Press Release Body: The invasion marks the end of the British Empire and the reversal of all accepted values. The social order which has long been established in Hong Kong begins to disintegrate. The main characters engage on a journey of self-discovery and their world falls apart. Their once apparently happy and perfect lives are shown to be shallow, hopeless facades behind which there is nothing but failure, self-denial and cowardice.
About the Author:
Paul House currently lives in Spain. He has published a number of other fiction novels with Lulu.com including A Little Folding of the Hands to Sleep, And They Pluck Out Your Eyes, Common Places, Dust Before the Wind, Trivial Pursuit and Sooner Than Gold.
Excerpt from the book:
"As she looked down over the city and watched the puffs of black smoke rising over Kowloon, Chen Liew's words came back to her.

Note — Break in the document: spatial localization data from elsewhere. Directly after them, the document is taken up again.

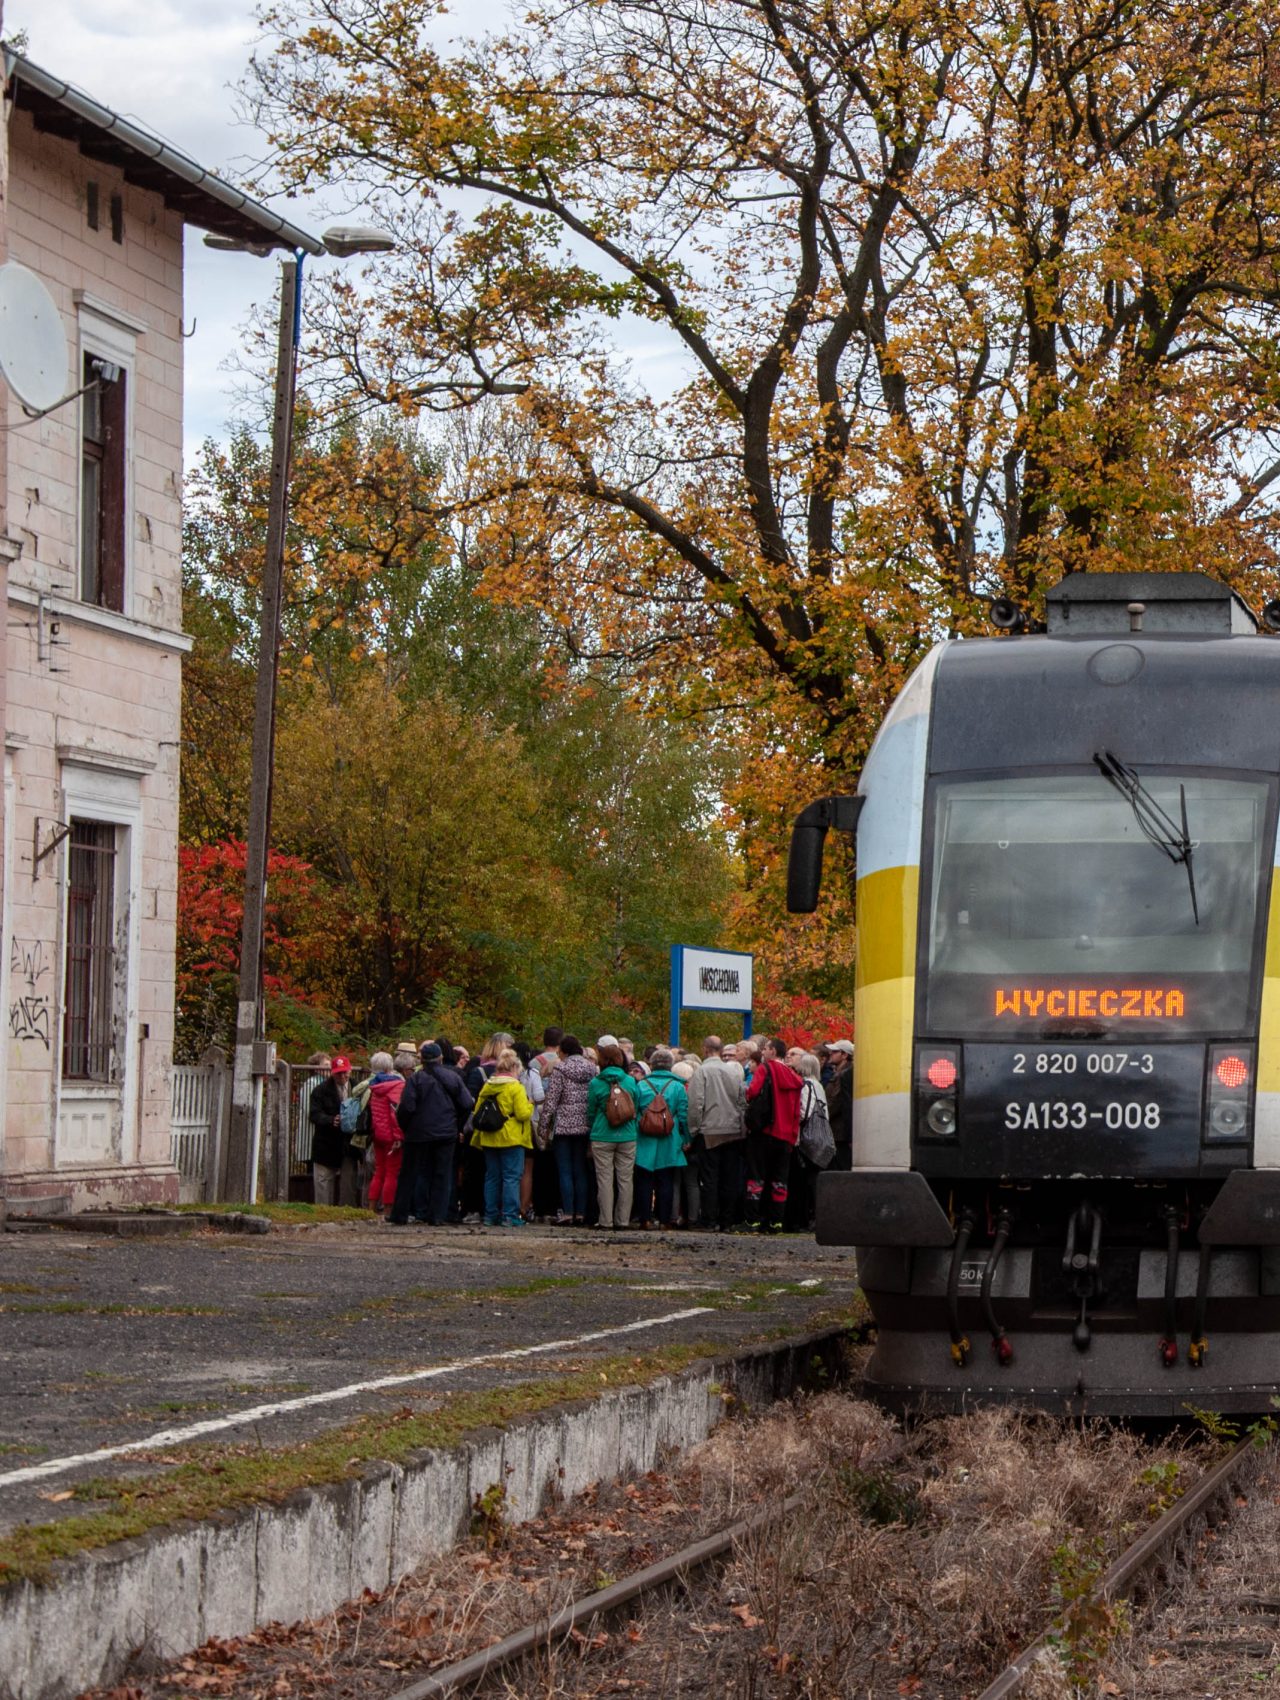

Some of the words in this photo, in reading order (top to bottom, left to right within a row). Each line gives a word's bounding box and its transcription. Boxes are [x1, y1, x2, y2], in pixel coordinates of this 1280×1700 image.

[698, 966, 740, 995] WSCHOWA
[995, 989, 1185, 1017] WYCIECZKA
[1012, 1053, 1026, 1074] 2
[1035, 1053, 1077, 1074] 820
[1086, 1053, 1154, 1074] 007-3
[1004, 1101, 1161, 1130] SA133-008

The Japanese will kill him now. It was like a death sentence. Chen Liew had spoken. A pact might have been made with the Japanese. Chen Liew had decided that Laughton would die and that was what would happen. Chen Liew was never wrong. The Japanese would kill him.
'I will not lose him a second time,' she said. But before she was able to begin to think how she would escape from her husband, she noticed that various squadrons of planes were coming towards her. They were flying high over Kowloon, too high to be going to bomb it. As she watched, the planes flew past the mainland and out over the harbour where they banked and began to descend towards the city of Victoria. Tung Nien saw the first bombs fall on Central.
The city of Victoria lay exposed and defenceless on the north-western shore of the island. The so-called fortress was bombed systematically for four days and four nights. As the factories, oil storage tanks and paper thin tenement buildings went up in flames, the civilians fled into the streets and, as the streets crowded and filled, more bombs rained down until vast areas of the city became awash with heaps of mangled and blood-soaked bodies.
Laughton had wandered dazed and disgusted through the carnage until, forced on by the terrified pushing of hundreds of people he did not know, he took refuge with them in the granite hills behind the city. There he huddled with them and listened and watched the bombs raining down. His first initial surge of love, his hopes to see Tung Nien again had been slowly battered out of him as the days dragged on and the planes continued to come with their cargo of explosives. He felt empty, incapable of doing anything anymore."